This follows the very subjective reasoning that the average consumer is capable of understanding price differences in one commodity, but says Posner, they probably wouldn’t be able to understand the whole trans fat issue.

In a nutshell, we see the inherent problems in trying to plan a society, for whatever reasons. One man or group of people making broad and subjective assumptions about the rest of the population.

12 Ray G December 30, 2006 at 1:53 am

“Ah, OK Ray. But I have seen people seriously argue the equivalent of that.”

I thought the Crisco in the trunk line would have given it away. And I don’t think Crisco is even considered a transfat anyway, but I couldn’t think of an actual name brand source of trans fat.

The bottom line is still the govt making a decision for me (in principle since I don’t live in NY) that really isn’t theirs to make.

My main argument against most libertarian proposals is precisely the existing paternalism in our present soceity.

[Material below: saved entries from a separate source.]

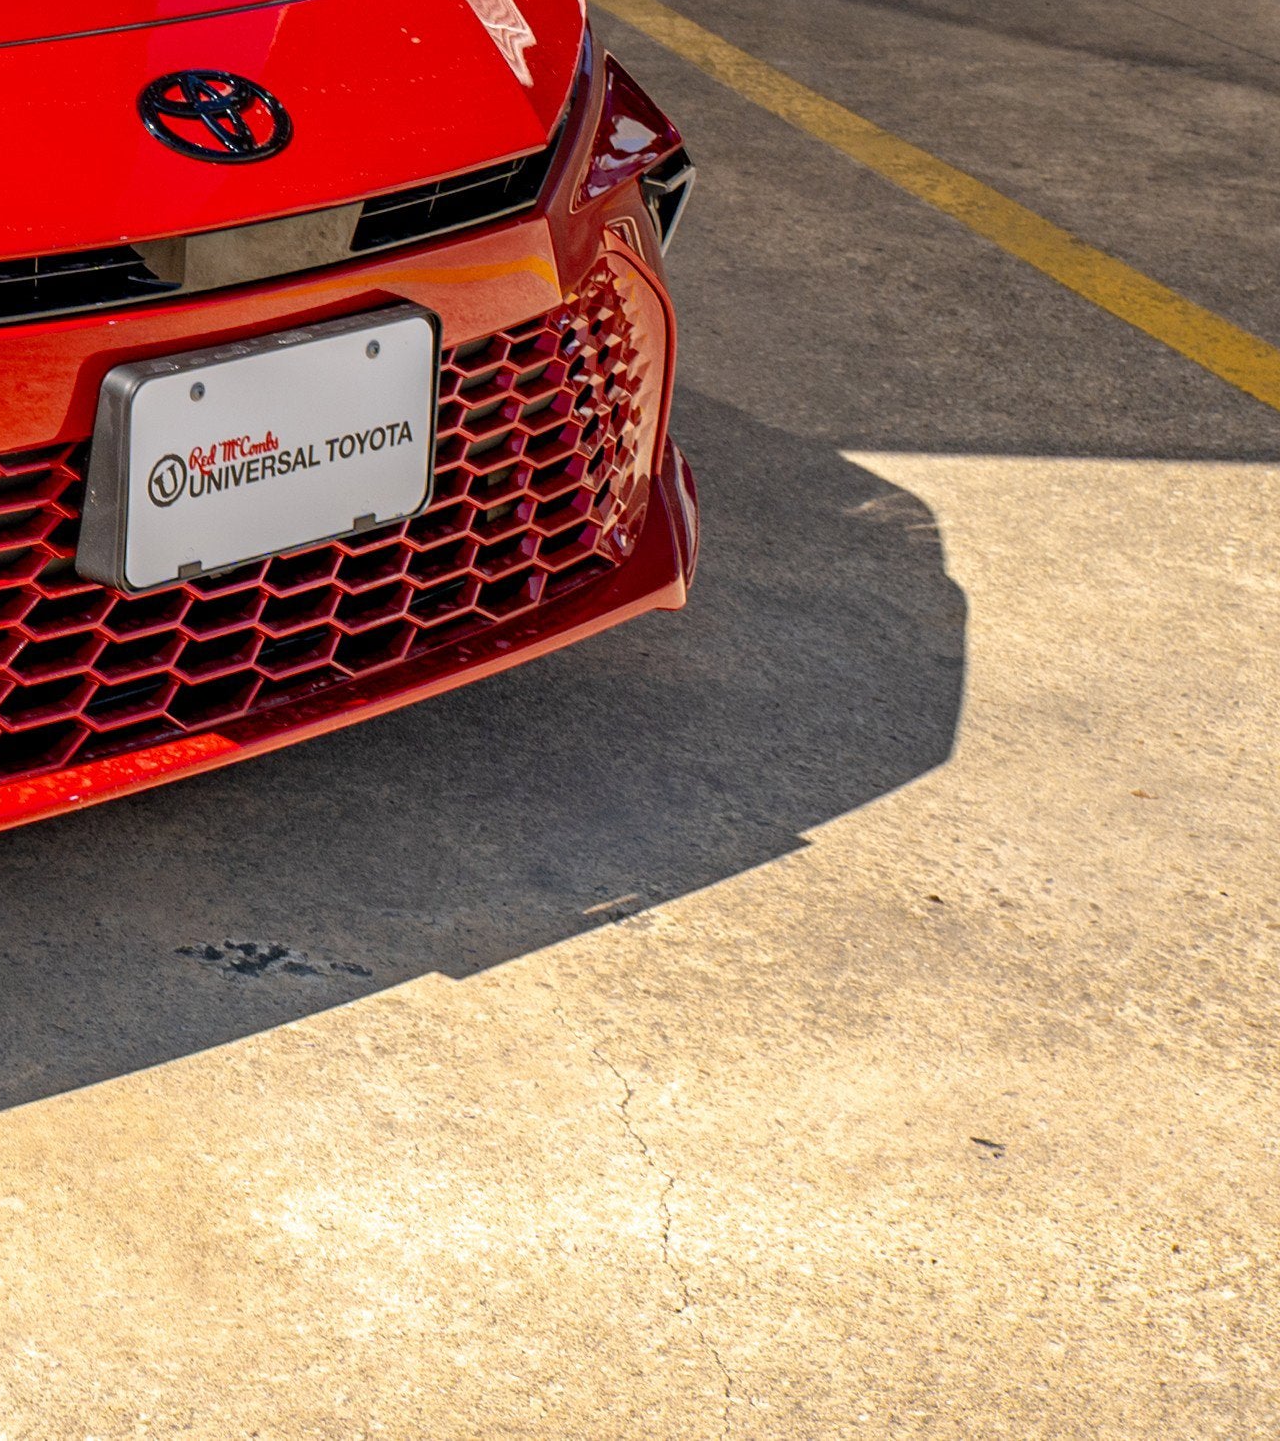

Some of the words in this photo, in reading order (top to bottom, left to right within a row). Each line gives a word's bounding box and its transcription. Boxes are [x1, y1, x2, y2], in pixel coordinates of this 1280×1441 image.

[188, 444, 217, 476] Red
[219, 430, 279, 462] McCombs
[189, 444, 321, 498] UNIVERSAL
[325, 420, 414, 462] TOYOTA
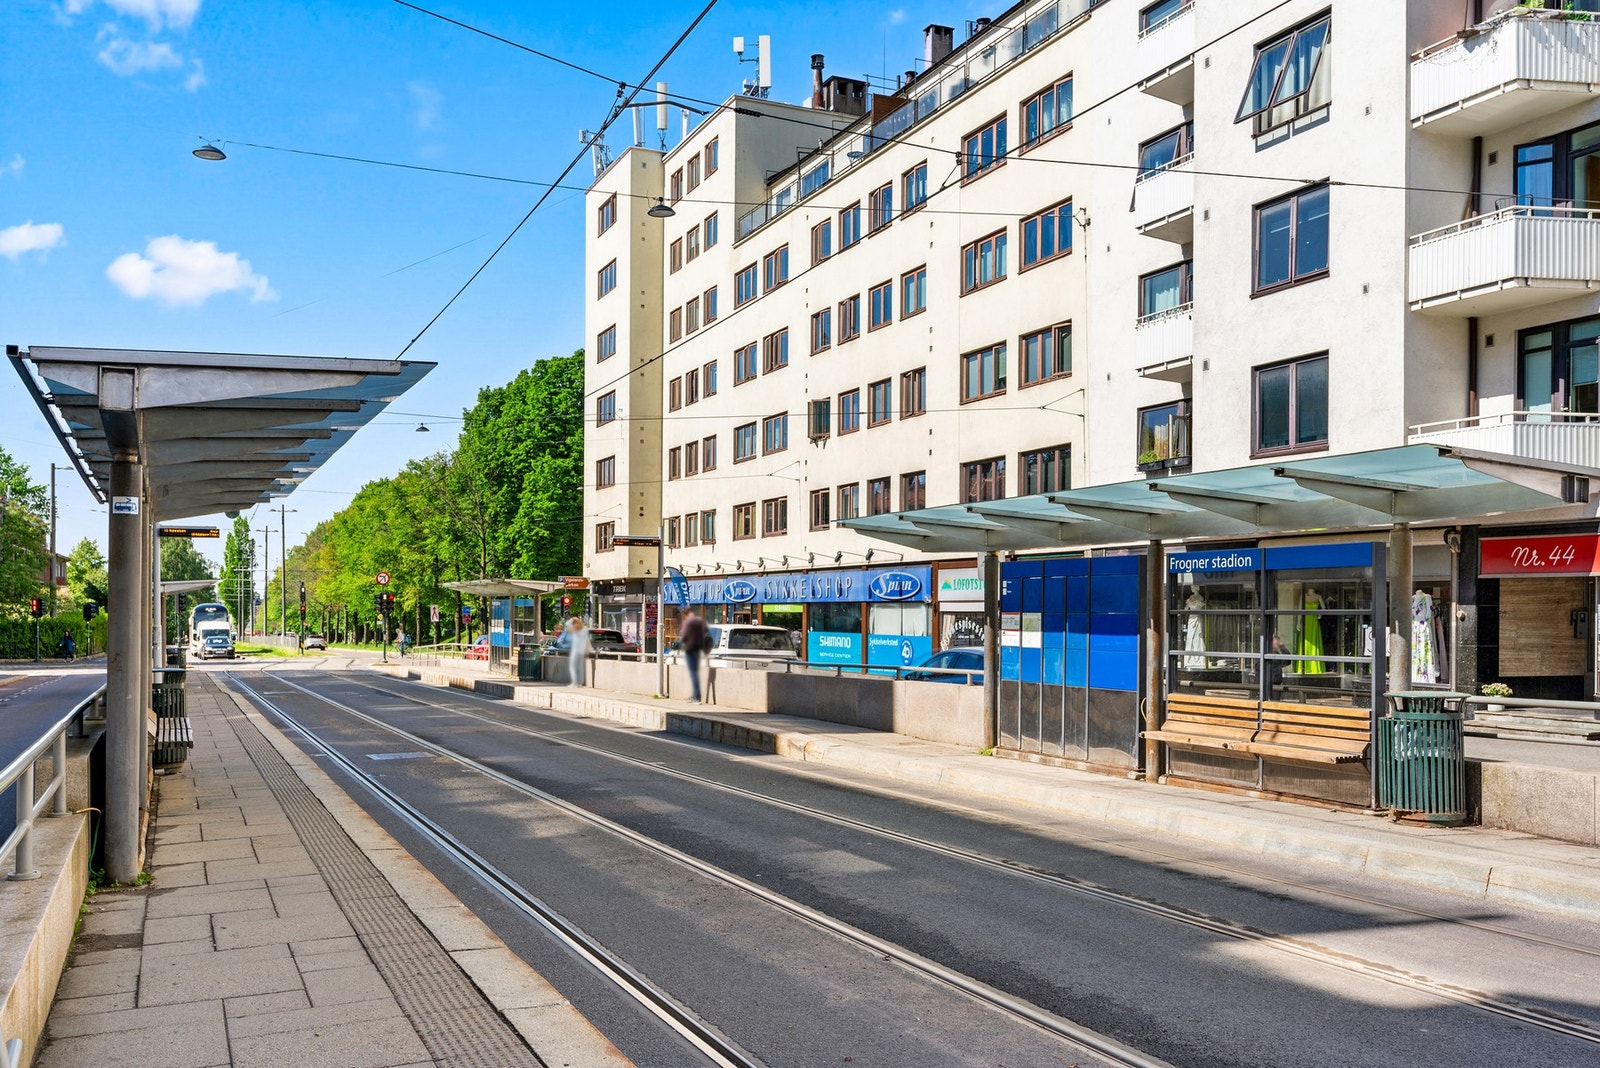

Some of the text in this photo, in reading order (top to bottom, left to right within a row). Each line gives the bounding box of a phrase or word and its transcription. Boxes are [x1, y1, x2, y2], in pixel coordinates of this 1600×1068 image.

[1169, 553, 1252, 573] Frogner stadion
[1510, 544, 1576, 567] Nr. 44
[612, 585, 627, 593] TREK
[727, 581, 751, 599] Spinn
[767, 576, 852, 599] SYKKELSHOP
[876, 572, 913, 596] Spinn
[953, 578, 986, 591] LOFOTST
[819, 635, 852, 649] SHIMANO

We would essentially be setting the legalized thing, call it X, in a place of certain failure.

Once the externalities of others’ reckless behavior was realized, the “nannies” would have a great argument for saying why X was illegal all along. Whereas if we fix the system first, and then begin to loosen the govt controls on our individual liberty, we will be walking down the hill to get all of the cows, instead of running down to get just one (to cite the old joke about the young bull and the old bull).

Posner still claims he has a libertarian, Millsian position in this because of the externalities that trans fat related heart disease transfers to the taxpayer. But he is coming at it from the wrong direction.

Not legalizing X for the aforementioned reasons is simply being prudent, i.e. in the long run, X is still made legal. But Posner’s argument is to make illegal practices that are currently lawful, or were. This moves in the opposite direction of a freer, Millsian model, by basically giving in to the existing paternalism of our current system, and thus allowing that paternalism to shape future decisions about liberty.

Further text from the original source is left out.